→ MATERIAL SHOWN:
******************************
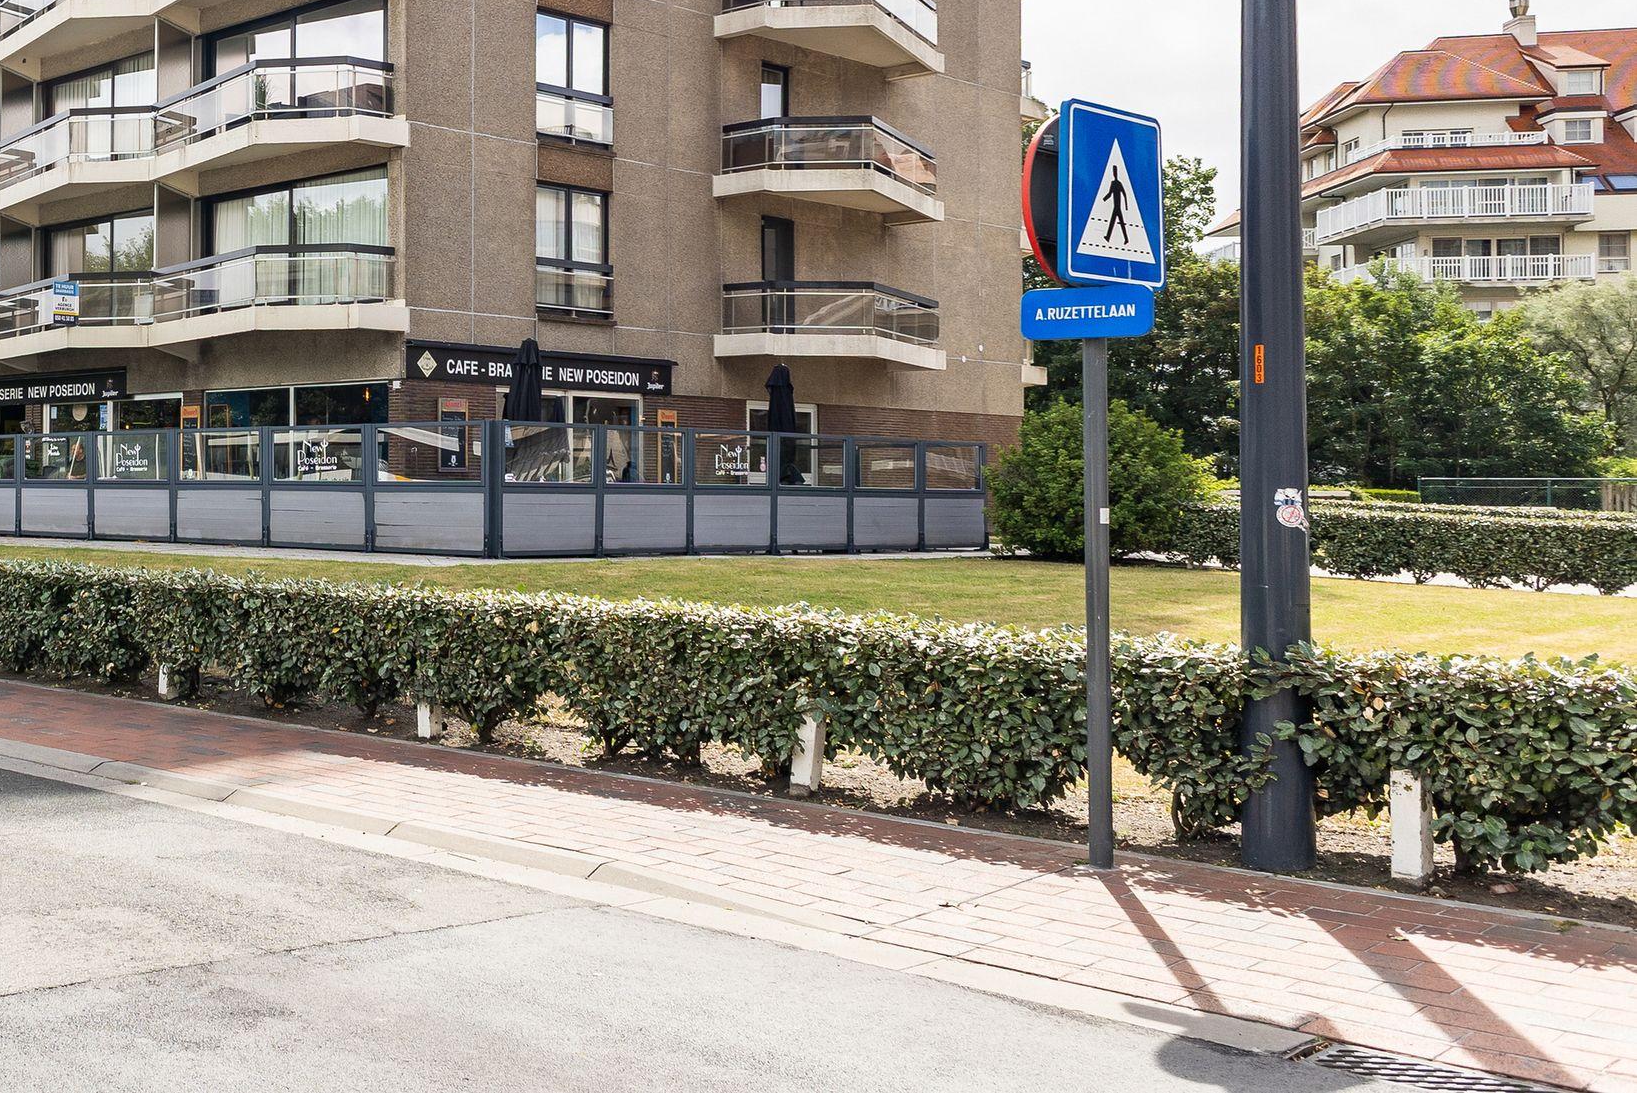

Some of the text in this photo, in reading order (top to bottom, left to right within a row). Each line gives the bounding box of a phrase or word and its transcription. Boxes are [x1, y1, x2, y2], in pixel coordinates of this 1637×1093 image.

[1035, 303, 1136, 321] A.RUZETTELAAN
[446, 359, 479, 376] CAFE
[488, 362, 553, 381] BRAIE
[559, 367, 584, 382] NEW
[586, 369, 639, 387] POSEIDON
[27, 385, 48, 399] NEW
[49, 382, 96, 397] POSEIDON
[120, 443, 137, 455] New
[303, 439, 323, 453] New
[720, 444, 738, 457] New
[116, 449, 148, 467] Poseidon
[297, 446, 338, 465] Poseidon
[715, 451, 749, 470] Poseidon
******************************
→ WHAT IS EXPECTED: Write the entries out in full and exactly, omitting every picture.

→ TASK OUTPUT:
Some of the text in this photo, in reading order (top to bottom, left to right within a row). Each line gives the bounding box of a phrase or word and its transcription. Boxes are [x1, y1, x2, y2], in pixel coordinates of this 1637×1093 image.

[1035, 303, 1136, 321] A.RUZETTELAAN
[446, 359, 479, 376] CAFE
[488, 362, 553, 381] BRAIE
[559, 367, 584, 382] NEW
[586, 369, 639, 387] POSEIDON
[27, 385, 48, 399] NEW
[49, 382, 96, 397] POSEIDON
[120, 443, 137, 455] New
[303, 439, 323, 453] New
[720, 444, 738, 457] New
[116, 449, 148, 467] Poseidon
[297, 446, 338, 465] Poseidon
[715, 451, 749, 470] Poseidon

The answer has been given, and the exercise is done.